De ergste kwetsbaarheid die door een 'anonieme aanvaller' kon worden aangevallen maakte het mogelijk om informatie over bestellingen te achterhalen. Webwinkels krijgen het advies om te updaten naar versie 2.1.9 of 2.0.16 van de software. In de praktijk blijkt echter dat veel webwinkels de updates niet installeren en daardoor worden gehackt en het zo mogelijk voor criminelen maken om creditcardgegevens van klanten te stelen.

14/09/2017

Backdoor in WordPress-plug-in met 200.000 installaties
woensdag 13 september 2017,

Onderzoekers hebben in een WordPress-plug-in met meer dan 200.000 installaties een backdoor ontdekt. Het gaat om de plug-in Display Widgets, waarmee content in de zijbalk van websites per pagina kan worden ingesteld. De plug-in werd in juni van dit jaar door de originele ontwikkelaar verkocht.

De laatste drie versies van de plug-in bevatten kwaadaardige code die de nieuwe ontwikkelaars de mogelijkheid geeft om willekeurige content te plaatsen op WordPress-websites waar de plug-in is geïnstalleerd, zo waarschuwen securitybedrijven Wordfence en Plugin Vulnerabilities. Onlangs klaagden gebruikers dat de plug-in was gebruikt om spam op hun WordPress-sites te plaatsen. Sinds Display Widgets door de oorspronkelijke ontwikkelaar werd verkocht heeft WordPress de plug-in drie keer uit de database met aangeboden plug-ins verwijderd, om de uitbreiding vervolgens ook drie keer weer toe te staan.

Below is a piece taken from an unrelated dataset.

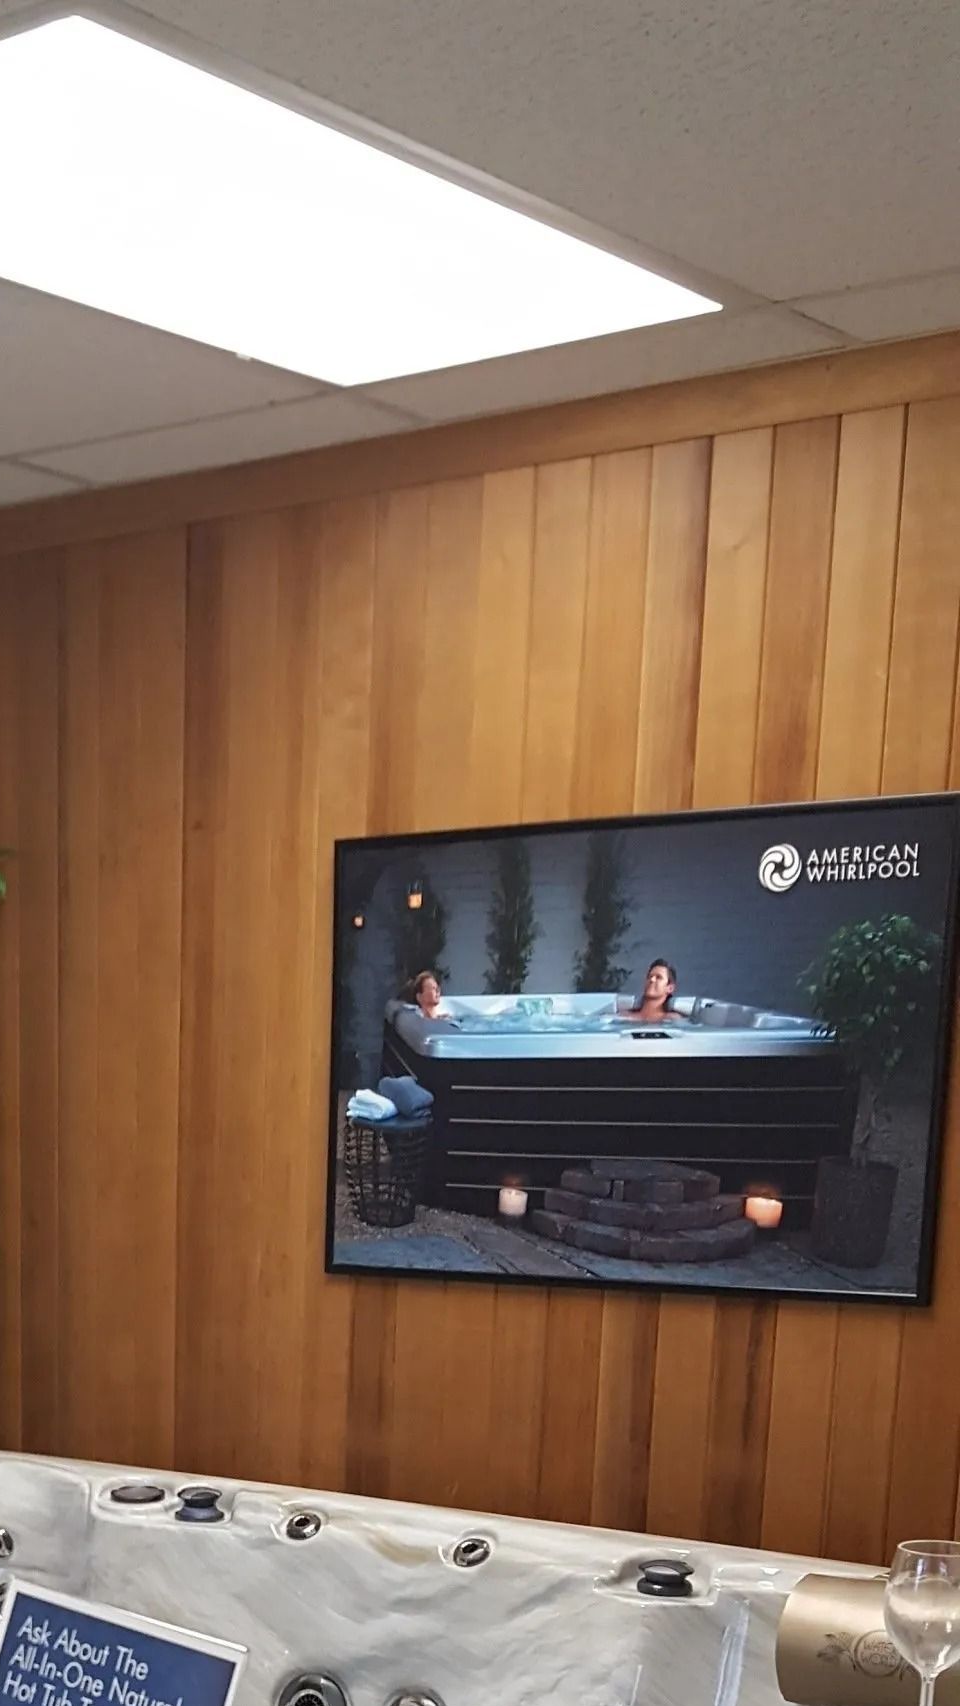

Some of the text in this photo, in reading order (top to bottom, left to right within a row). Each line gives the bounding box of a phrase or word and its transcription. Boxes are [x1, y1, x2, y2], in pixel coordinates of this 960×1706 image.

Een aantal dagen geleden werd de plug-in voor de vierde keer verwijderd. WordPress-gebruikers die Display Widgets hebben geïnstalleerd krijgen het advies die te verwijderen. WordPress heeft inmiddels excuses gemaakt dat de ontwikkelaars met de gebackdoorde plug-in zolang hun gang konden gaan. Daarnaast heeft het plug-inteam van WordPress een schone versie van Display Widgets ontwikkeld.

10/09/2017

En weer een website gehackt...

De Amerikaanse kredietbeoordelaar Equifax is gehackt via een beveiligingslek in Apache Struts, zo claimen onderzoekers van onderzoeksbureau Baird Equity (pdf). Het is echter onbekend om welk lek het precies gaat. Struts is een opensourceframework voor het ontwikkelen van Java-webapplicaties.

07/09/2017

https://www.security.nl/posting/530212/Beveiligingslek+gaf+toegang+tot+interne+chatsysteem+Uber

Taxi-app Uber heeft een beveiligingslek gedicht waardoor het mogelijk was om vanaf het internet toegang tot het interne chatsysteem te krijgen. De kwetsbaarheid werd door onderzoeker Michael Reizelman ontdekt. Uber heeft een programma waarbij het onderzoekers voor het melden van lekken beloont.

31/08/2017

Door een fout in de website van kredietverstrekker AutoCash was het mogelijk om de maandsalarissen, woonlasten en andere gevoelige gegevens van 20.000 Nederlandse autokopers in te zien. Slachtoffers reageren geschokt: "Hoe weet jij dit allemaal?"

31/08/2017

https://www.security.nl/posting/529413/Gegevens+2+miljoen+klanten+winkelketen+CeX+gestolen

Aanvallers hebben bij winkelketen CeX de gegevens van 2 miljoen klanten gestolen, zo heeft het bedrijf bekendgemaakt. CeX is een winkelketen die wereldwijd actief is en gebruikte videogames en elektronica inkoopt en verkoopt. Het Britse bedrijf heeft bijna 600 winkels, waaronder ook in Nederland.